A 24 per cent fall in residential construction project starts was a key factor towards to the overall drop said James Abraham, economist, Glenigan. He said: 'Private housing starts fell 13 per cent but are forecast to stabilise over the coming months. However, social housing declined 38 per cent year on year and further retrenchment is forecast here as the cut backs in Government funding bite.'
Non-Residential project starts were also 13 per cent down on a year ago as both privately and publicly funded projects were thin on the ground. 'Education construction remains weak and the value of health and community and amenity projects declined for the first time in the second half of 2011. The only non-residential sector to avoid a decline was retail, buoyed by a number of large extension and refurbishment projects' said Mr Abraham.

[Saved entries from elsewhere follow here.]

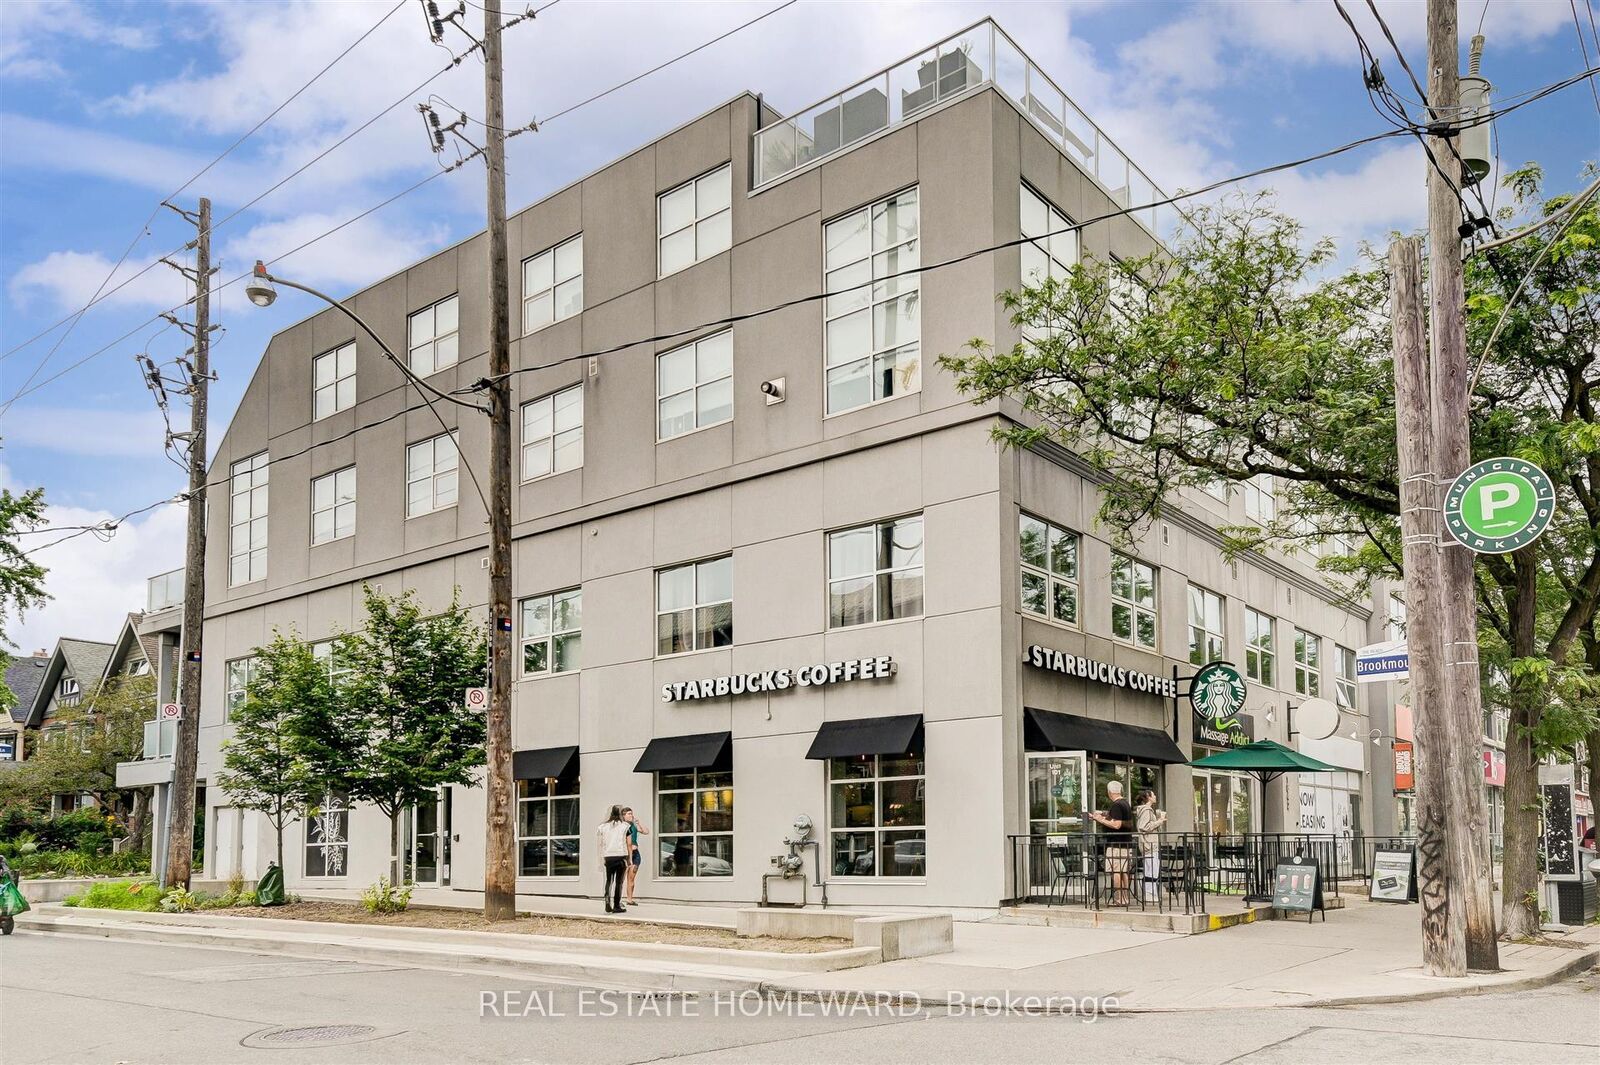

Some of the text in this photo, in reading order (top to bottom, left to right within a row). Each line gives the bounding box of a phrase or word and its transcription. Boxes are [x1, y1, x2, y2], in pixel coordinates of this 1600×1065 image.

[1450, 463, 1548, 508] MUNICIPAL
[1479, 483, 1520, 521] P
[1451, 508, 1548, 548] PARKING
[661, 656, 894, 703] STARBUCKS COFFEE
[1031, 645, 1176, 699] STARBUCKS COFFEE
[1200, 725, 1250, 746] Massage Addict
[1300, 814, 1326, 829] EASING
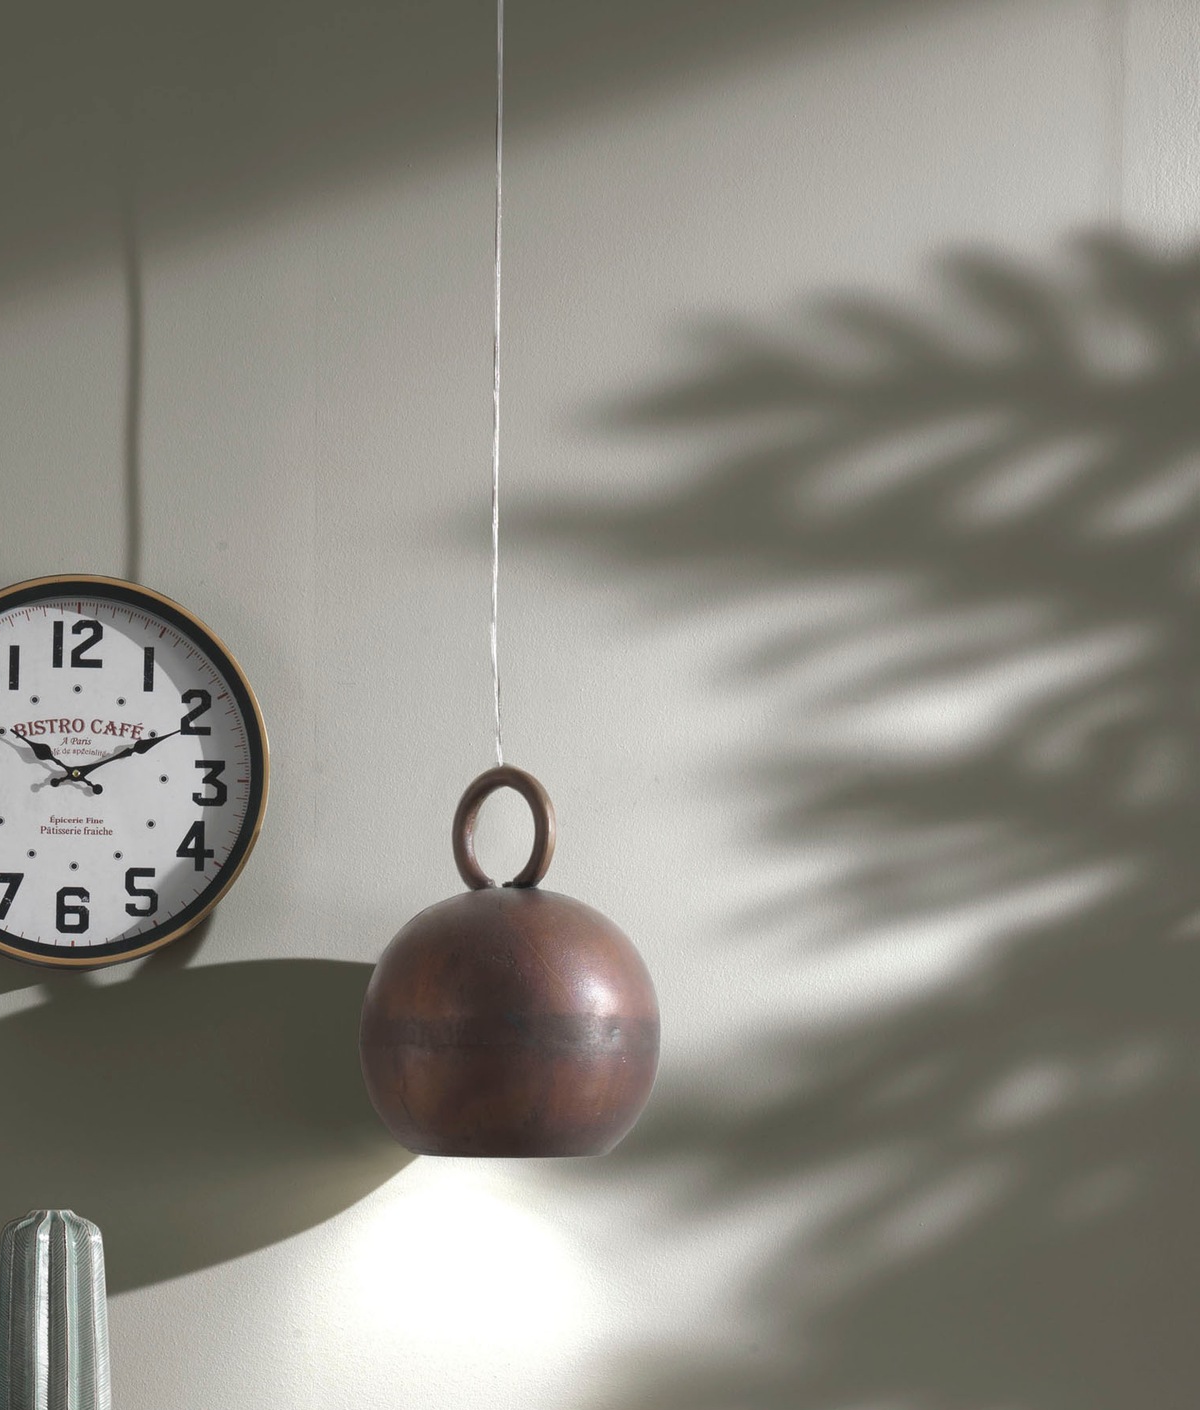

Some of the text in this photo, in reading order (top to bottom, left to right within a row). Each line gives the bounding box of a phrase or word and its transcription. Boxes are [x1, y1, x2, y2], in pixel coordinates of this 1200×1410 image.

[52, 620, 103, 668] 12
[143, 647, 155, 692] 1
[13, 718, 144, 740] BISTRO CAFÉ
[180, 689, 212, 735] 2
[71, 736, 92, 746] Paris
[191, 760, 228, 807] 3
[40, 825, 82, 835] Pâtisserie
[49, 815, 104, 826] Épicerie Fine
[176, 821, 214, 871] 4
[55, 886, 90, 934] 6
[125, 867, 158, 917] 5

Civil engineering project starts for the three months to November were however up by 61 per cent. Mr Abraham added: 'The flow of civil engineering projects can be volatile. Utilities saw a sharp increase with project starts including the decommissioning of a nuclear power plant and new wind turbine projects, while the infrastructure sector saw investments in road and rail station projects in London, the West Midlands and Scotland.'
The Glenigan report also found that Wales, the South East and South West of England have all been enjoying an increased flow of new work while Scotland saw year on year growth of 10 per cent. By contrast, over the three months to November the underlying value of project starts in Northern Ireland, the East and North West of England fell by more than 20 per cent and Yorkshire continues to endure a poor flow of projects reaching start on site.